TRY IT: With the pictures excluded, retype the records that follow exactly.
------------------------------
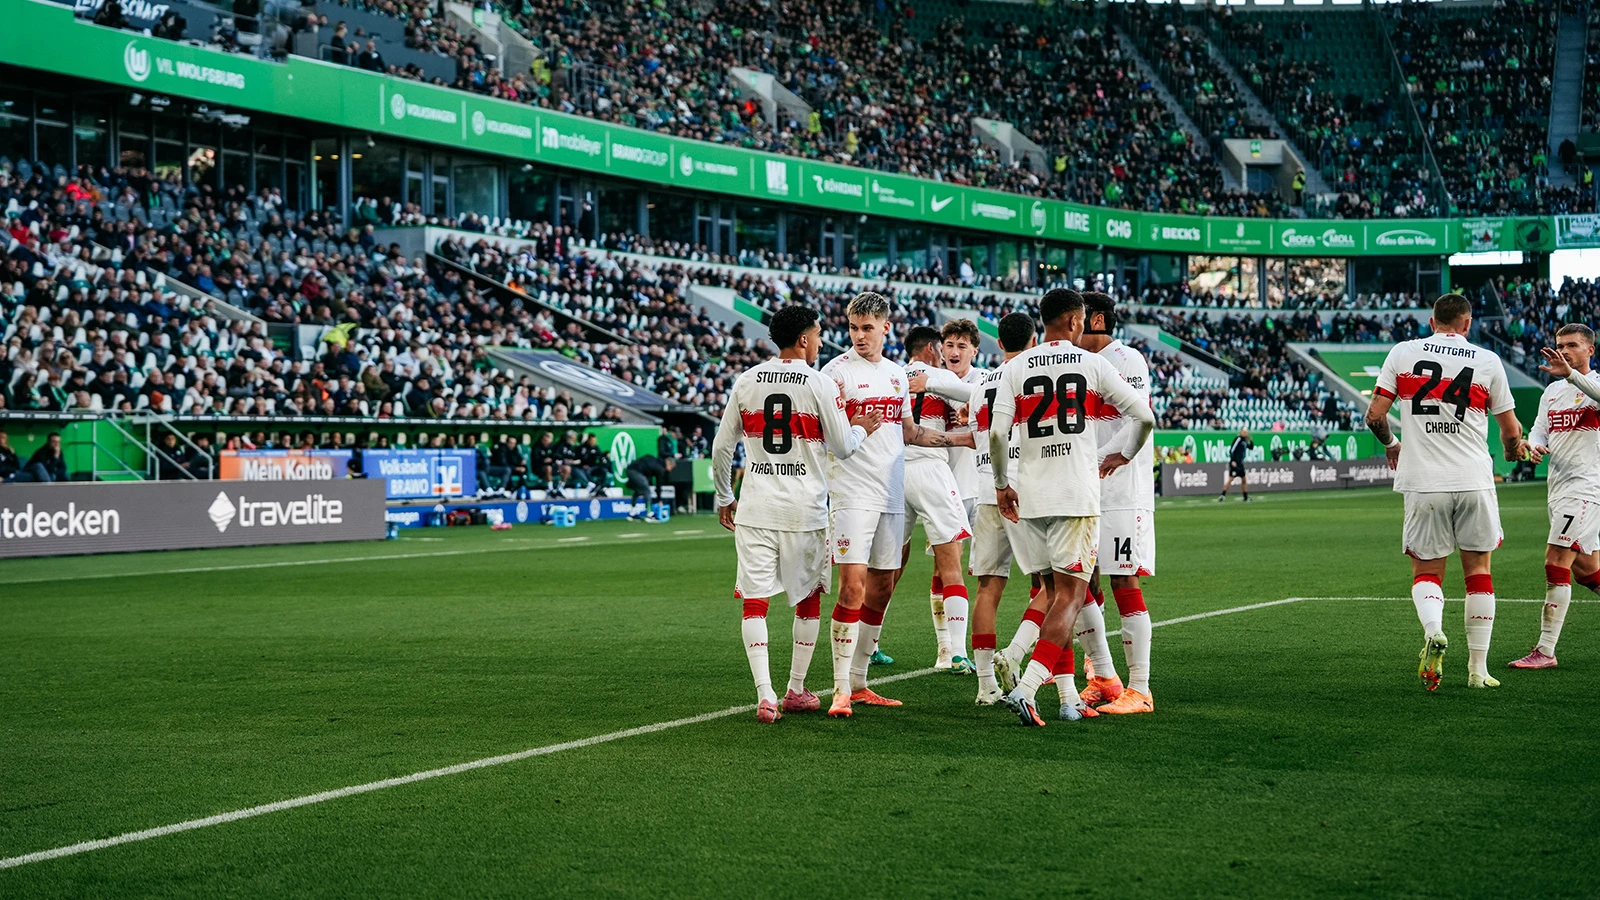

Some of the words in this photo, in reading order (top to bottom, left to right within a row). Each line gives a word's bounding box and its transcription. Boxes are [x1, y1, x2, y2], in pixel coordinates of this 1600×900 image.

[177, 61, 245, 89] WOLFSBURG
[1064, 211, 1090, 233] MRE
[1106, 219, 1132, 239] CHG
[1162, 225, 1201, 241] BECK'S
[1028, 353, 1083, 369] STUTTGART
[1423, 343, 1476, 359] STUTTGART
[756, 371, 809, 386] STUTTGART
[1411, 360, 1475, 423] 24
[1023, 373, 1088, 438] 28
[762, 393, 793, 454] 8
[1425, 421, 1461, 434] CHABOT
[1041, 442, 1072, 459] NARTEY
[243, 459, 283, 481] Mein
[284, 458, 332, 481] Konto
[378, 458, 429, 475] Volksbank
[775, 461, 807, 476] TOMÁS
[391, 478, 429, 495] BRAWO
[0, 502, 120, 539] tdecken
[239, 494, 343, 528] travelite
[1561, 514, 1575, 535] 7
[1113, 537, 1132, 561] 14
------------------------------
TASK OUTPUT:
Some of the words in this photo, in reading order (top to bottom, left to right within a row). Each line gives a word's bounding box and its transcription. Boxes are [x1, y1, x2, y2], in pixel coordinates of this 1600×900 image.

[177, 61, 245, 89] WOLFSBURG
[1064, 211, 1090, 233] MRE
[1106, 219, 1132, 239] CHG
[1162, 225, 1201, 241] BECK'S
[1028, 353, 1083, 369] STUTTGART
[1423, 343, 1476, 359] STUTTGART
[756, 371, 809, 386] STUTTGART
[1411, 360, 1475, 423] 24
[1023, 373, 1088, 438] 28
[762, 393, 793, 454] 8
[1425, 421, 1461, 434] CHABOT
[1041, 442, 1072, 459] NARTEY
[243, 459, 283, 481] Mein
[284, 458, 332, 481] Konto
[378, 458, 429, 475] Volksbank
[775, 461, 807, 476] TOMÁS
[391, 478, 429, 495] BRAWO
[0, 502, 120, 539] tdecken
[239, 494, 343, 528] travelite
[1561, 514, 1575, 535] 7
[1113, 537, 1132, 561] 14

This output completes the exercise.